Data to examine
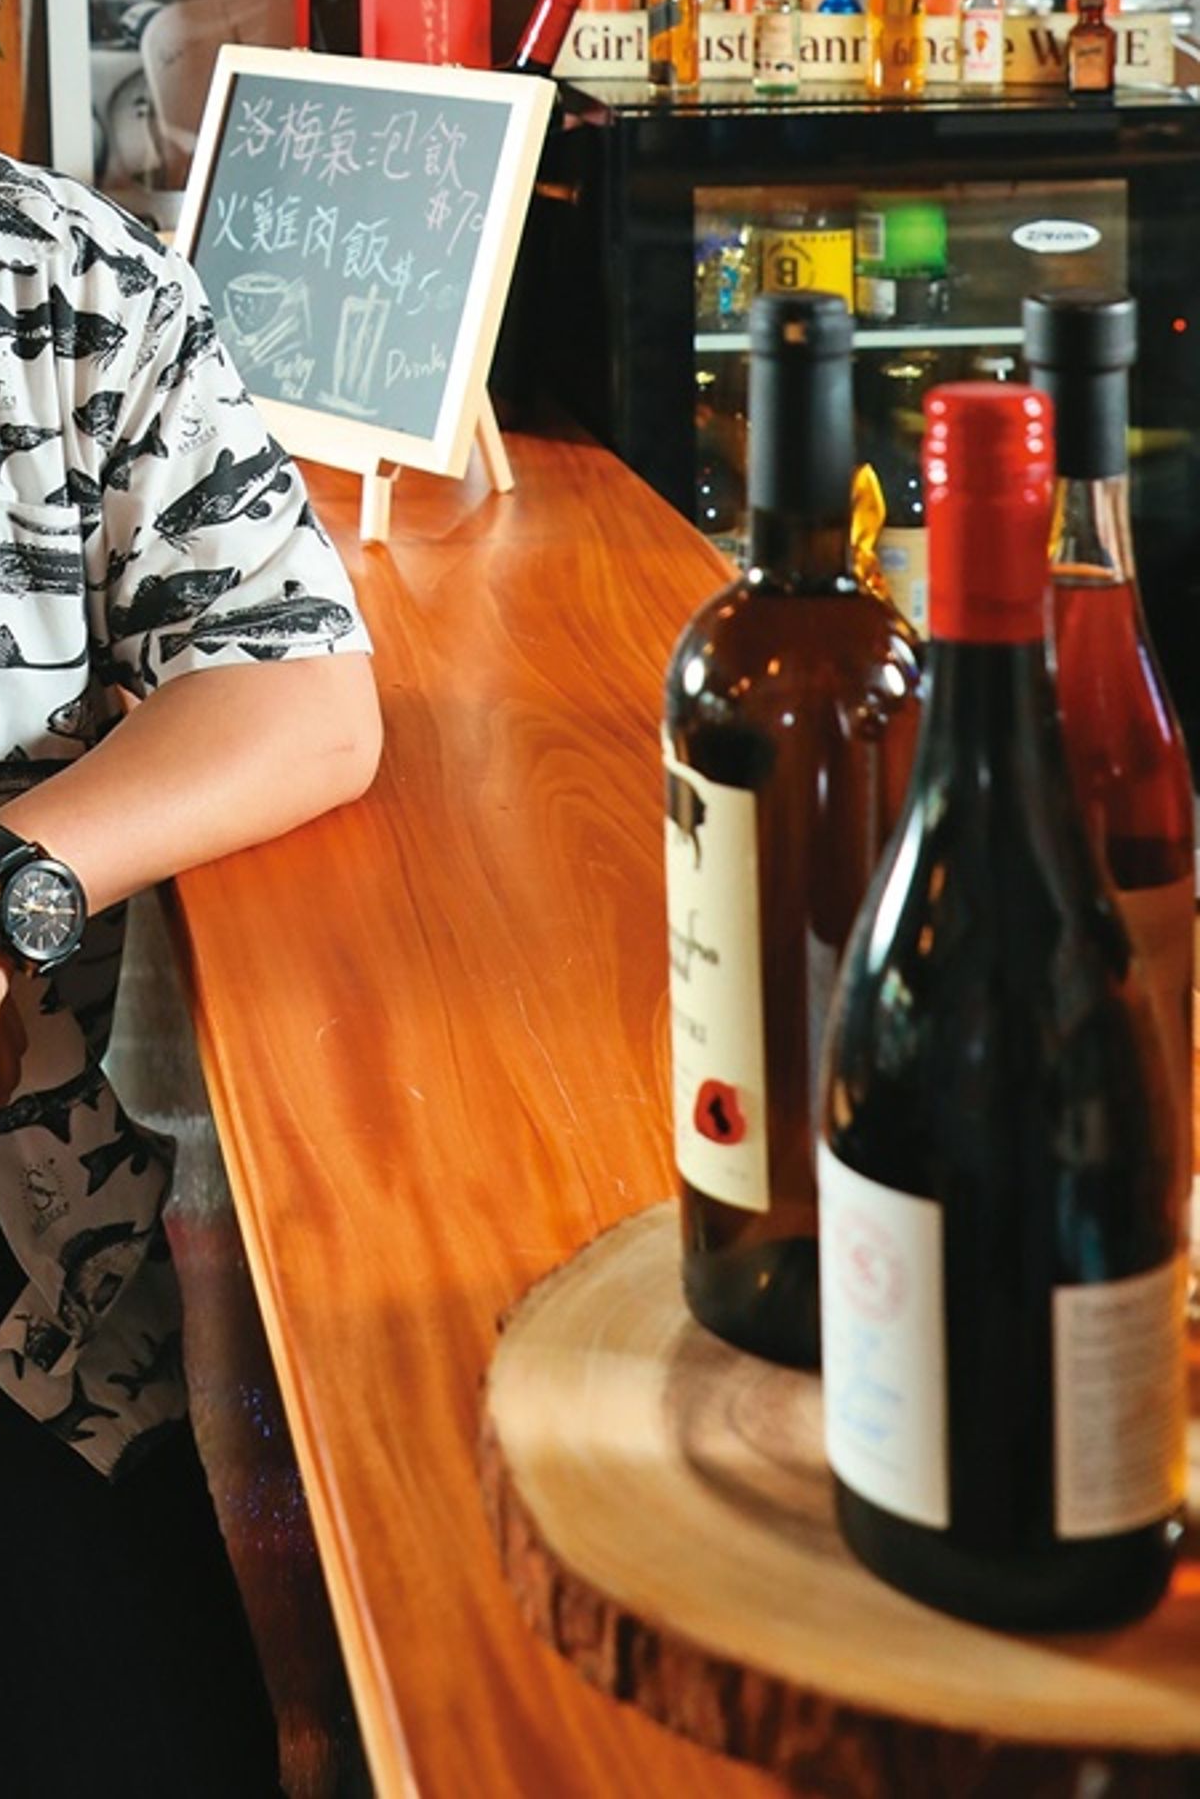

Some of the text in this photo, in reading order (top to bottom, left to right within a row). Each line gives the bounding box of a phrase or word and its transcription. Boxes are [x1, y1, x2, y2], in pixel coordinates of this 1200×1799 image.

[572, 26, 644, 62] Girl
[703, 32, 748, 63] ust
[800, 34, 868, 65] ann
[212, 186, 395, 286] 火雞肉飯
[425, 189, 485, 256] $70

Problem
Reproduce the entries above exactly, without images.

Finished exercise
Some of the text in this photo, in reading order (top to bottom, left to right within a row). Each line gives the bounding box of a phrase or word and its transcription. Boxes are [x1, y1, x2, y2], in pixel coordinates of this 1200×1799 image.

[572, 26, 644, 62] Girl
[703, 32, 748, 63] ust
[800, 34, 868, 65] ann
[212, 186, 395, 286] 火雞肉飯
[425, 189, 485, 256] $70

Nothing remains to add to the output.